Segundo ele, o Brasil historicamente vinha defendendo uma política baseada na Constituição Federal e na justiça social, tanto do próprio País, quanto internacionalmente. Porém, hoje, a orientação para a diplomacia brasileira mudou de curso.
As consequências, prevê, serão o isolamento do País no momento em que a pandemia aumentará o valor da solidariedade e ações conjuntas. Celso Amorim prevê ainda que “se não houver uma ampla cooperação internacional, a pandemia não terá solução”.
Auto-isolamento, submissão e a situação atual
O auto-isolamento escolhido como caminho pelo Brasil faz com que seu papel internacional diminua. O País sempre foi importante na diplomacia – sobretudo na área da saúde – e, como exemplo, o ex-chanceler falou sobre o protagonismo brasileiro nas discussões que levaram à Declaração de Doha, que dispôs sobre os medicamentos genéricos.
Atualmente, segundo Amorim, o isolamento do Brasil só não é total porque é guiado por um “espírito de submissão” ao governo Trump, nos EUA. Governo que elegeu a Organização Mundial da Saúde, junto à China, como bodes expiatórios da pandemia.
Citando o pressuposto teórico do soft power, poder brando, criado por Joseph Nye, Amorim acredita que a pandemia é uma aceleradora de tendências. Prevê que num futuro não muito distante, a China aumentará sua capacidade de atrair os países e lideranças não só economicamente, mas também na política internacional.
Antes muito discreta em fóruns internacionais e agindo nos bastidores, a China tem hoje uma diplomacia presente nos grandes projetos de infraestrutura de nível mundial. Durante a pandemia, revelou disposição de dar assistência técnica à diversos países, sobretudo à Itália, que viveu sua pior fase logo depois do epicentro da pandemia.
O que fazer?
Essa é a maior crise que o Brasil e o mundo estão vivendo desde a Segunda Guerra Mundial. Com a diferença de que na Segunda Guerra, alguns países conseguiram ficar à margem.

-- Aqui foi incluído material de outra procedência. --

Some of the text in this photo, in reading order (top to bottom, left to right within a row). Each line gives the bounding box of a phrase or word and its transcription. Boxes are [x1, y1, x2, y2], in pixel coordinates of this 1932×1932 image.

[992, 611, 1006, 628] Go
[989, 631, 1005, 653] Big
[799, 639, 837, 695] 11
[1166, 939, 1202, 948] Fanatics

Amorim relembra que mesmo acuradas, as projeções para uma nova ordem mundial não são infalíveis. “A história não tem respostas pré-determinadas”, afirmou, mesmo acreditando que após a pandemia, haverá uma consciência da solidariedade e que a China terá um grande papel.
Ele projeta também que a pandemia acelerará um tripé econômico-militar que dará o tom do futuro geopolítico do mundo composto por China, Rússia e EUA. Em relação à União Europeia, Amorim citou Mark Twain: “Os boatos sobre a minha morte são altamente exagerados”, acreditando que os países europeus se reorganizarão para manter sua posição de destaque no centro do capitalismo.

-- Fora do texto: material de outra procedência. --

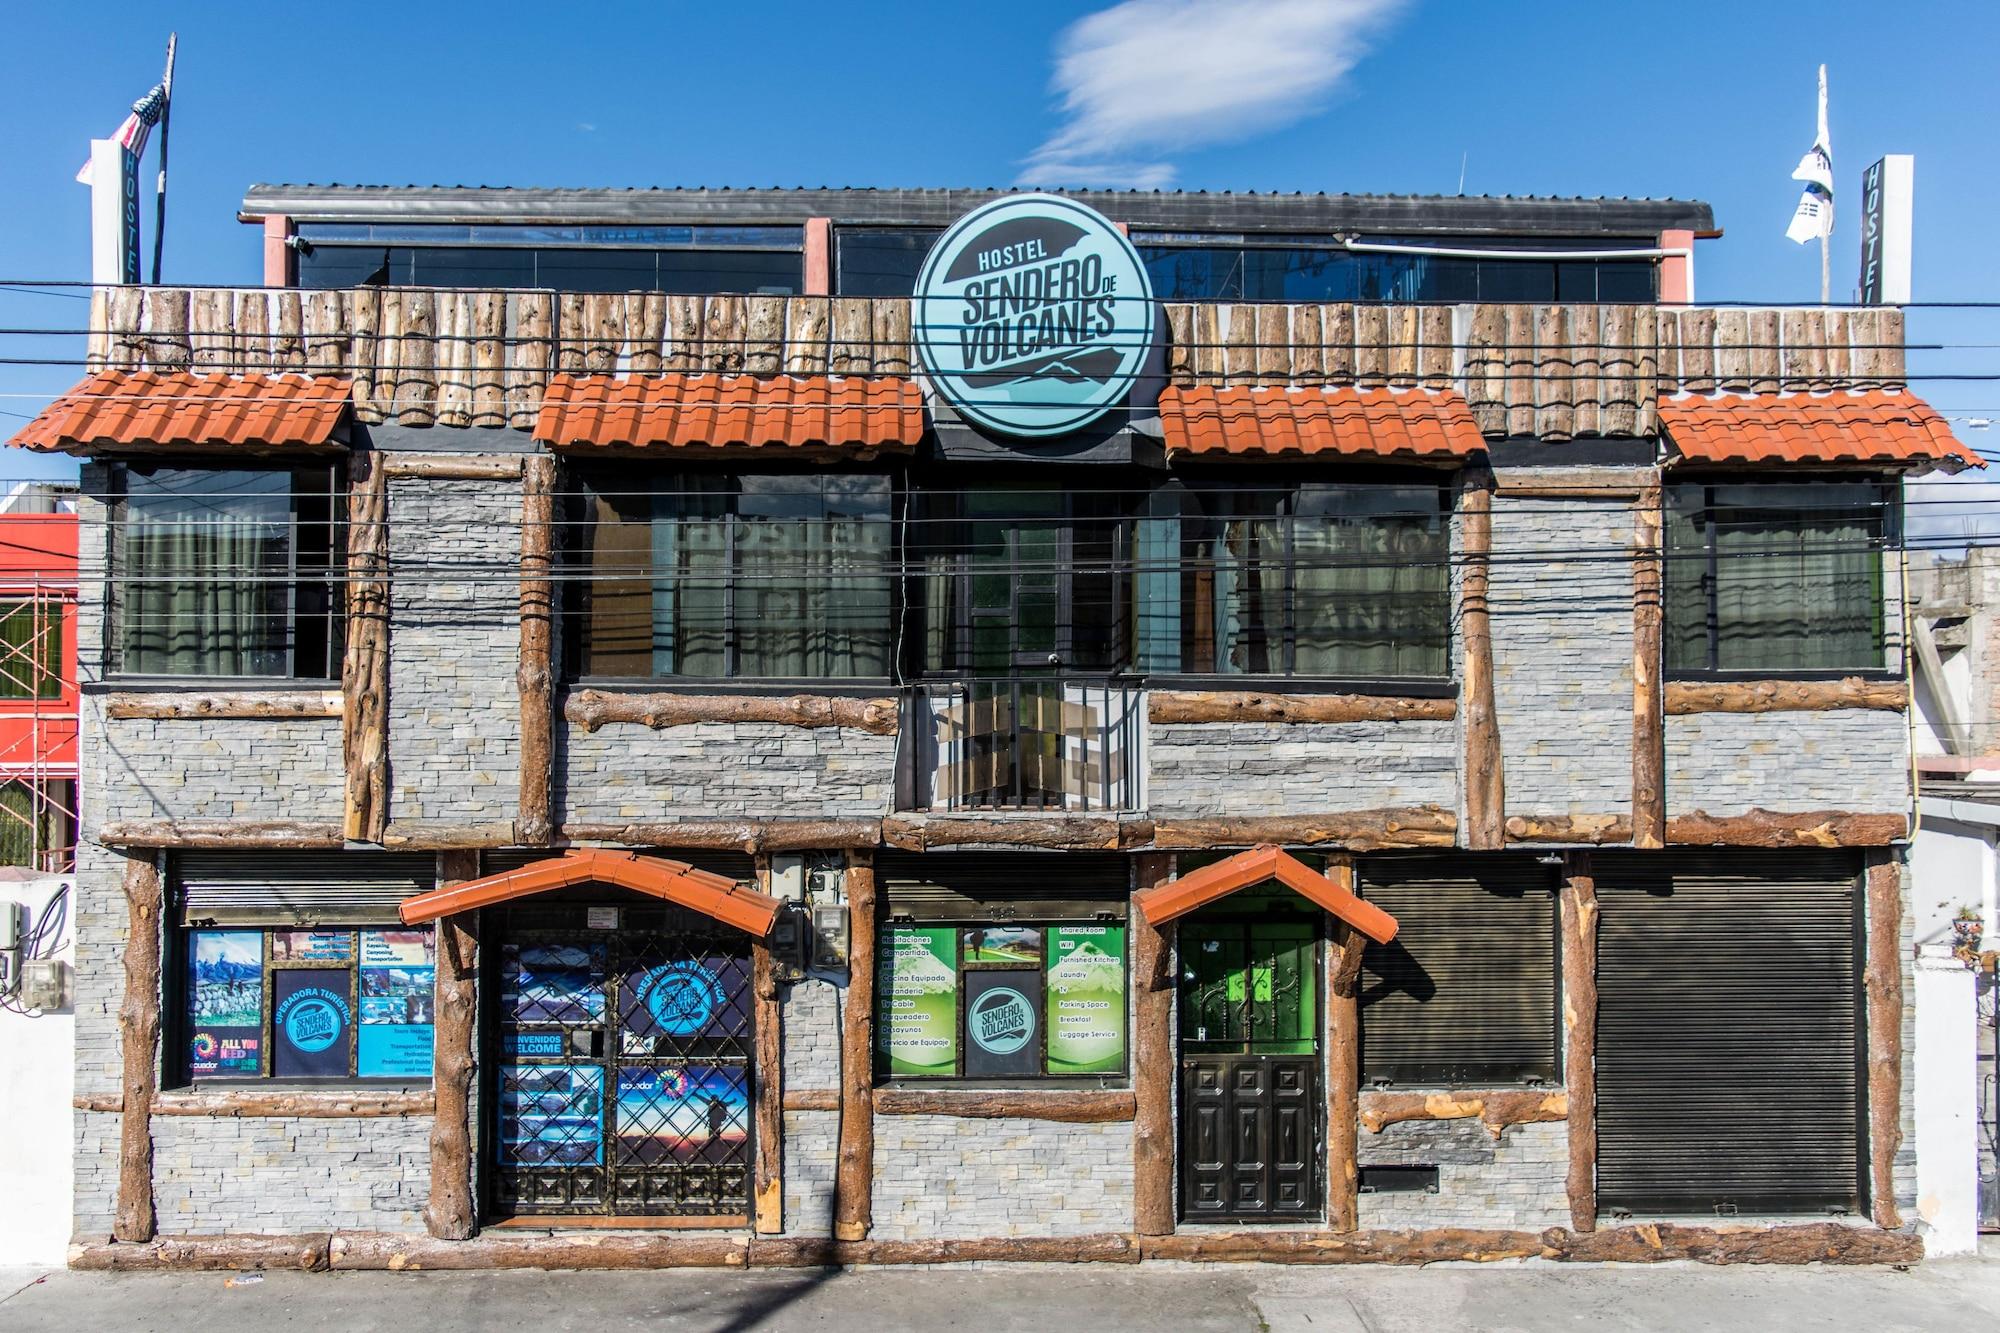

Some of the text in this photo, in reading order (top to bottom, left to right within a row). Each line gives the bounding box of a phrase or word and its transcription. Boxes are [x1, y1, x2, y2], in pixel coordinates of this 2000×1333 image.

[978, 238, 1047, 271] HOSTEL
[963, 254, 1117, 325] SENDERO DE
[960, 294, 1115, 370] VOLCANES
[882, 949, 929, 957] Compartidas
[1060, 971, 1087, 979] Laundry
[276, 988, 318, 1024] OPERADORA
[1060, 1001, 1086, 1009] Parking
[982, 1002, 1020, 1025] SENDERO
[981, 1014, 1024, 1038] VOLCANES
[1060, 1031, 1090, 1039] Luggage
[220, 1039, 258, 1050] ALL YOU
[921, 1039, 949, 1047] Equipaje
[504, 1044, 561, 1053] WELCOME
[220, 1049, 247, 1059] NEED

Já para o Brasil, o ex-chanceler vaticina: “uma vez superada a diplomacia da vergonha, o Brasil terá que trabalhar pela integração”. Sobre esses rumos, Celso Amorim não pestaneja. “Não podemos especificar o depois, porque precisamos chegar ao depois”.
Amorim projeta que, superada a “diplomacia da vergonha”, o Brasil deve voltar a reafirmar organismos internacionais. Já que com todos os defeitos e limitações, “são eles que melhor encarnam os valores civilizatórios” criados conjuntamente por toda a humanidade.
Logo, Amorim afirma que o maior desafio futuro será a superação da irracionalidade da política externa, de um governo que exerceu sua soberania se antepondo às normas internacionais. E arremata sobre o que vem sendo feito hoje: “eu não sei se é loucura a serviço do oportunismo, ou oportunismo a serviço da loucura”.